The researchers took 38 pairs of identical twins where one twin was straight and the other gay and found that gay men in the study were more likely to seek help for psychological problems than their heterosexual sibling.
However the researchers were surprised to find that the gay twins also reported experiencing less psychological problems.
The researchers believe the disparity in seeking help was due to greater pressure on heterosexual men to appear strong.
‘Men would rather drive around lost than stop and ask for directions,’ the researchers wrote in their paper The Relationship Between Help-Seeking Attitudes and Masculine Norms Among Monozygotic Male Twins Discordant for Sexual Orientation.
‘Although this is a gross stereotype, the notion that men should be self-sufficient and able to solve their own problems is a dominant ideal within traditional views of masculinity... men who rigidly adhere to such ideals may harm their own health if they avoid seeking help when they need it.

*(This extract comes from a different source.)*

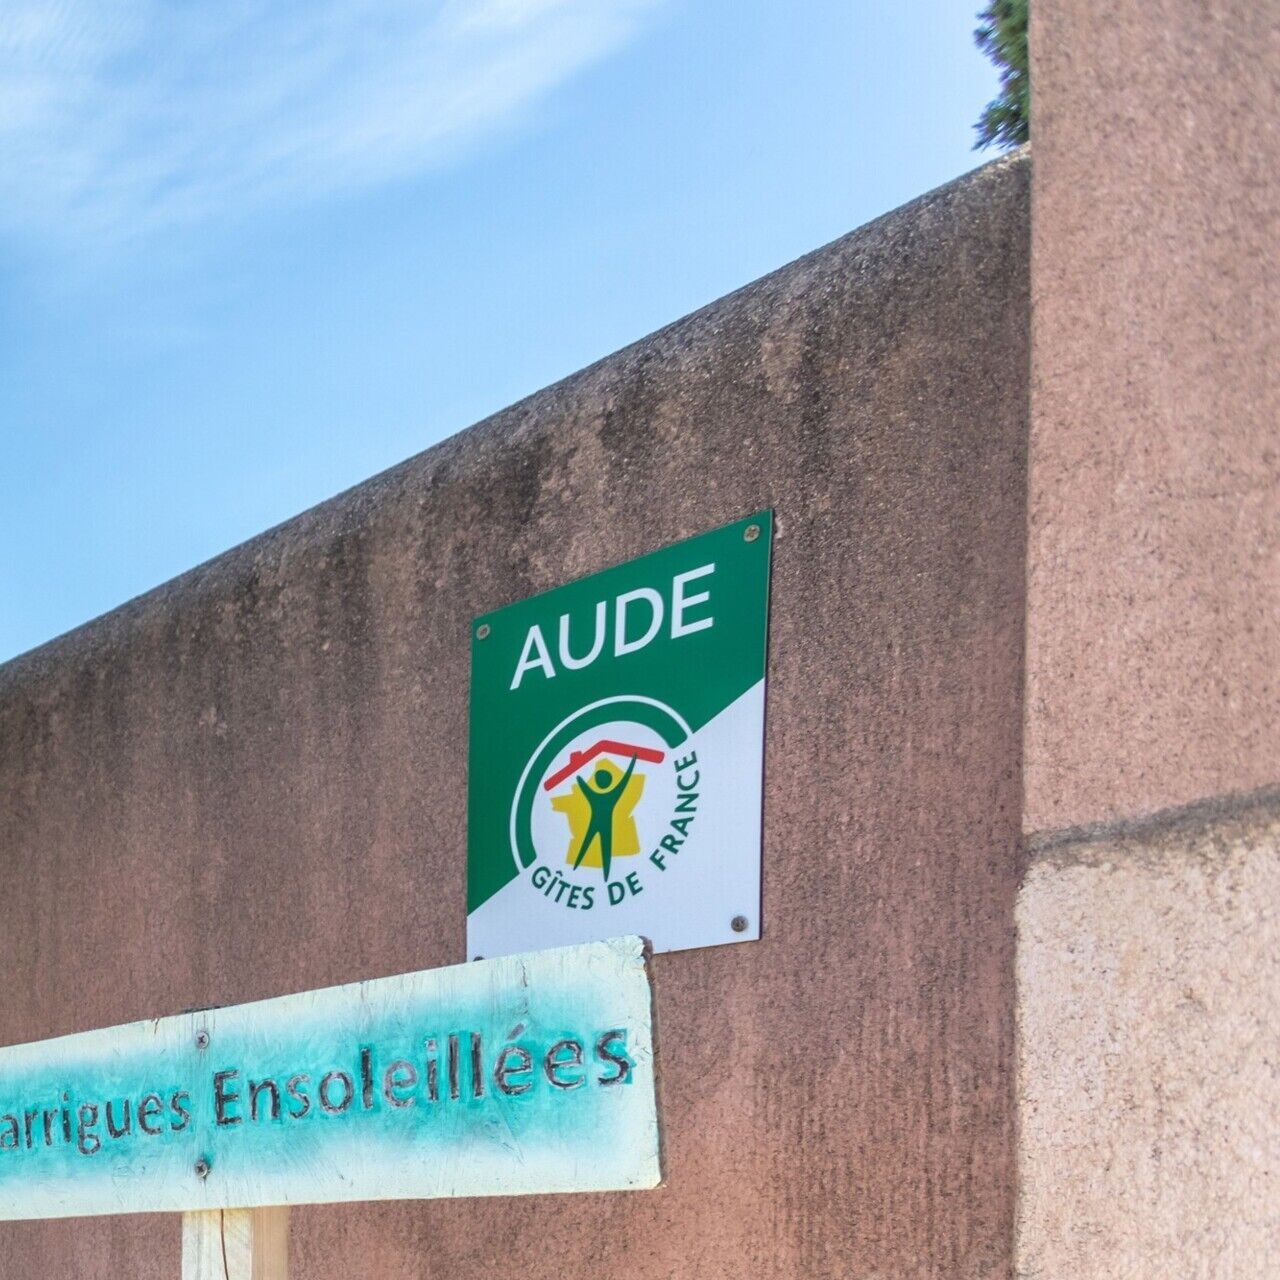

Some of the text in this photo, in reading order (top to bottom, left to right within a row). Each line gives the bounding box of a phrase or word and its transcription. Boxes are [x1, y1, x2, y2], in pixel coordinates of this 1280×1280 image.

‘In general, heterosexual men are less favorable to asking for help compared to women and gay men. This can be problematic if a man avoids professional help when he is experiencing significant psychological distress.’
The researchers concluded that their findings ‘lend credence to the hypothesis that social environments influence attitudes and behaviors that are stereotypically masculine and potentially detrimental to men's health.’
However the researchers were at a loss to explain why heterosexual twins in the study reported higher levels of paranoia, hostility, anger, stress and psychosis than their gay siblings.
Other studies have shown that LGBT individuals have poorer mental health than the wider community because of the prejudice they experience.